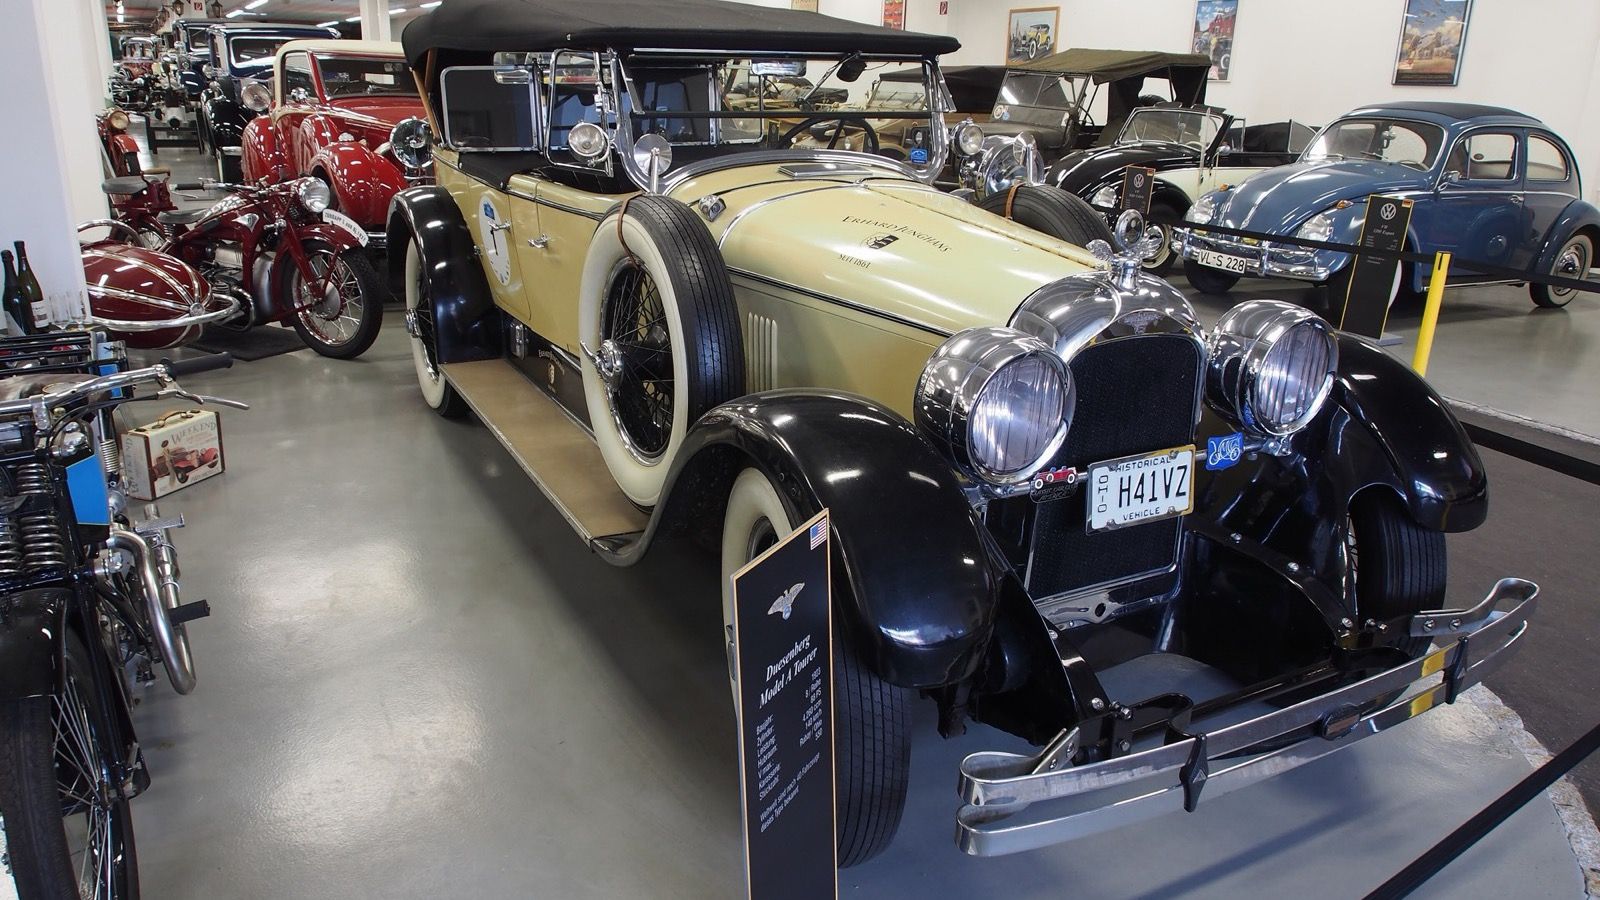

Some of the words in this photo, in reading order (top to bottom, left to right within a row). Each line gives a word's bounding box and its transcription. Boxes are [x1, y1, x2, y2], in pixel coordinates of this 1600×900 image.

[1226, 256, 1245, 272] 228
[1115, 456, 1172, 472] HISTORICAL
[1097, 474, 1109, 513] OHIO
[1118, 464, 1188, 508] H41VZ
[1122, 506, 1161, 521] VEHICLE
[766, 634, 811, 682] Duesenberg
[760, 673, 785, 710] Model
[785, 667, 793, 685] A
[793, 647, 818, 677] Tourer
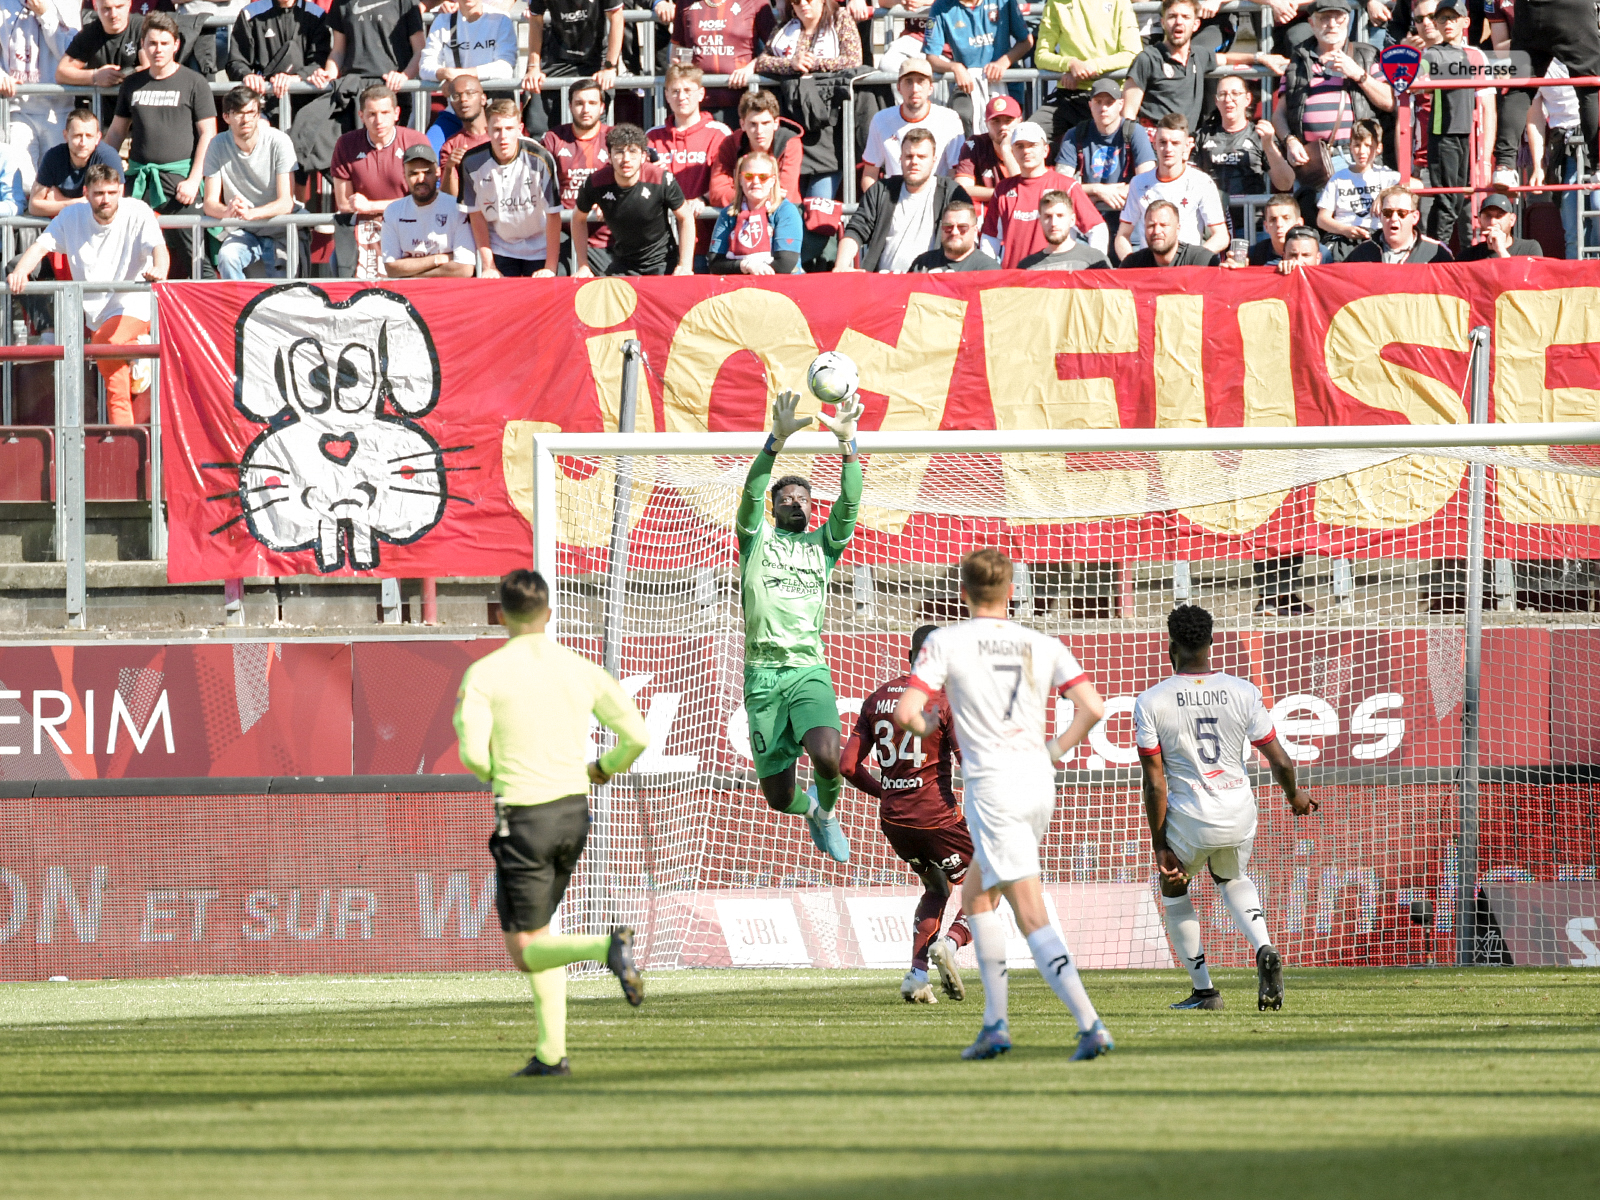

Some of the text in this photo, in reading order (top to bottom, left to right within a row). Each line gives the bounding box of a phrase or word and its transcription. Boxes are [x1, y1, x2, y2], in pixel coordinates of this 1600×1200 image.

[358, 14, 383, 22] AIR
[560, 9, 588, 20] MOSL
[698, 19, 727, 29] MOSL
[473, 39, 496, 50] AIR
[697, 34, 724, 46] CAR
[1211, 152, 1241, 163] MOSL
[1338, 184, 1382, 197] RAIDERS
[499, 194, 537, 207] SOLLAC
[993, 665, 1022, 721] 7
[875, 719, 928, 768] 34
[1195, 717, 1221, 764] 5
[141, 890, 220, 942] ET
[243, 889, 377, 942] SUR
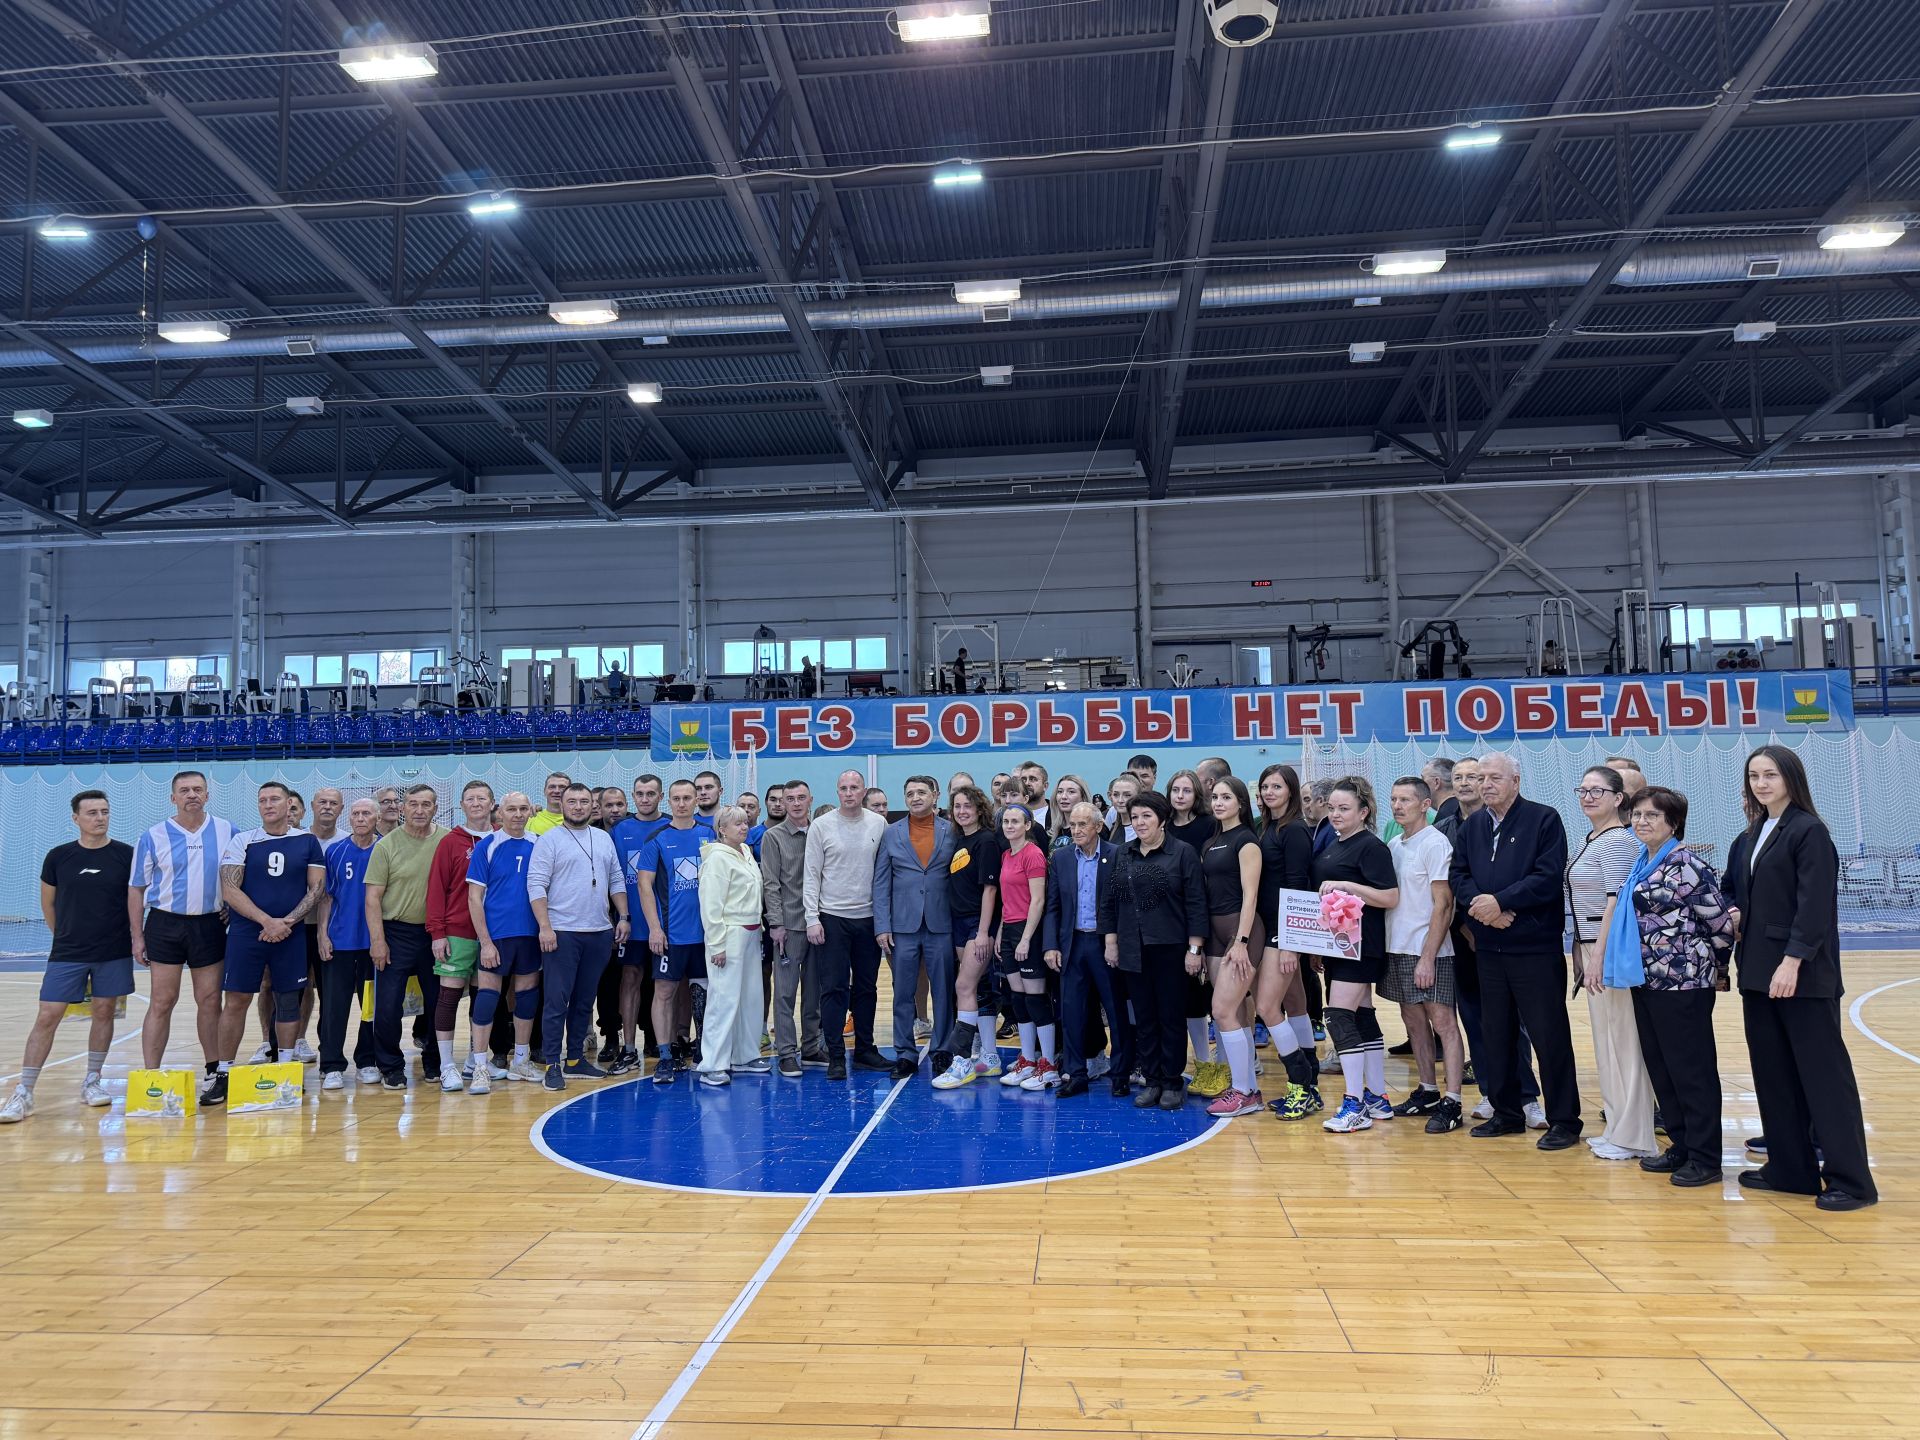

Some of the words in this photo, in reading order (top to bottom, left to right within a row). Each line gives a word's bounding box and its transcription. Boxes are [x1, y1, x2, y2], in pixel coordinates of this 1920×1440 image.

[729, 705, 856, 753] БЕЗ
[893, 695, 1192, 749] БОРЬБЫ
[1232, 690, 1364, 740] НЕТ
[1403, 678, 1759, 736] ПОБЕДЫ!
[267, 851, 285, 877] 9
[345, 861, 354, 880] 5
[515, 855, 523, 873] 7
[660, 955, 669, 973] 6

▶ PROBLEM DETAILS
All of the records should be set down exactly, minus the pictures they hold.

▶ ANSWER SPACE
Some of the words in this photo, in reading order (top to bottom, left to right within a row). Each line gives a word's bounding box and its transcription. Boxes are [x1, y1, x2, y2], in pixel coordinates of this 1600×900 image.

[1226, 256, 1245, 272] 228
[1115, 456, 1172, 472] HISTORICAL
[1097, 474, 1109, 513] OHIO
[1118, 464, 1188, 508] H41VZ
[1122, 506, 1161, 521] VEHICLE
[766, 634, 811, 682] Duesenberg
[760, 673, 785, 710] Model
[785, 667, 793, 685] A
[793, 647, 818, 677] Tourer

Some of the text in this photo, in reading order (top to bottom, left to right within a row). Each line gives the bounding box of a phrase or word and its transcription. Boxes are [x1, y1, x2, y2], in pixel coordinates of this 1600×1200 image.

[358, 14, 383, 22] AIR
[560, 9, 588, 20] MOSL
[698, 19, 727, 29] MOSL
[473, 39, 496, 50] AIR
[697, 34, 724, 46] CAR
[1211, 152, 1241, 163] MOSL
[1338, 184, 1382, 197] RAIDERS
[499, 194, 537, 207] SOLLAC
[993, 665, 1022, 721] 7
[875, 719, 928, 768] 34
[1195, 717, 1221, 764] 5
[141, 890, 220, 942] ET
[243, 889, 377, 942] SUR

Some of the words in this photo, in reading order (top to bottom, left to right within a row). Each line gives a word's bounding box and its transcription. Boxes are [x1, y1, x2, y2], in pixel coordinates of this 1920×1440 image.

[729, 705, 856, 753] БЕЗ
[893, 695, 1192, 749] БОРЬБЫ
[1232, 690, 1364, 740] НЕТ
[1403, 678, 1759, 736] ПОБЕДЫ!
[267, 851, 285, 877] 9
[345, 861, 354, 880] 5
[515, 855, 523, 873] 7
[660, 955, 669, 973] 6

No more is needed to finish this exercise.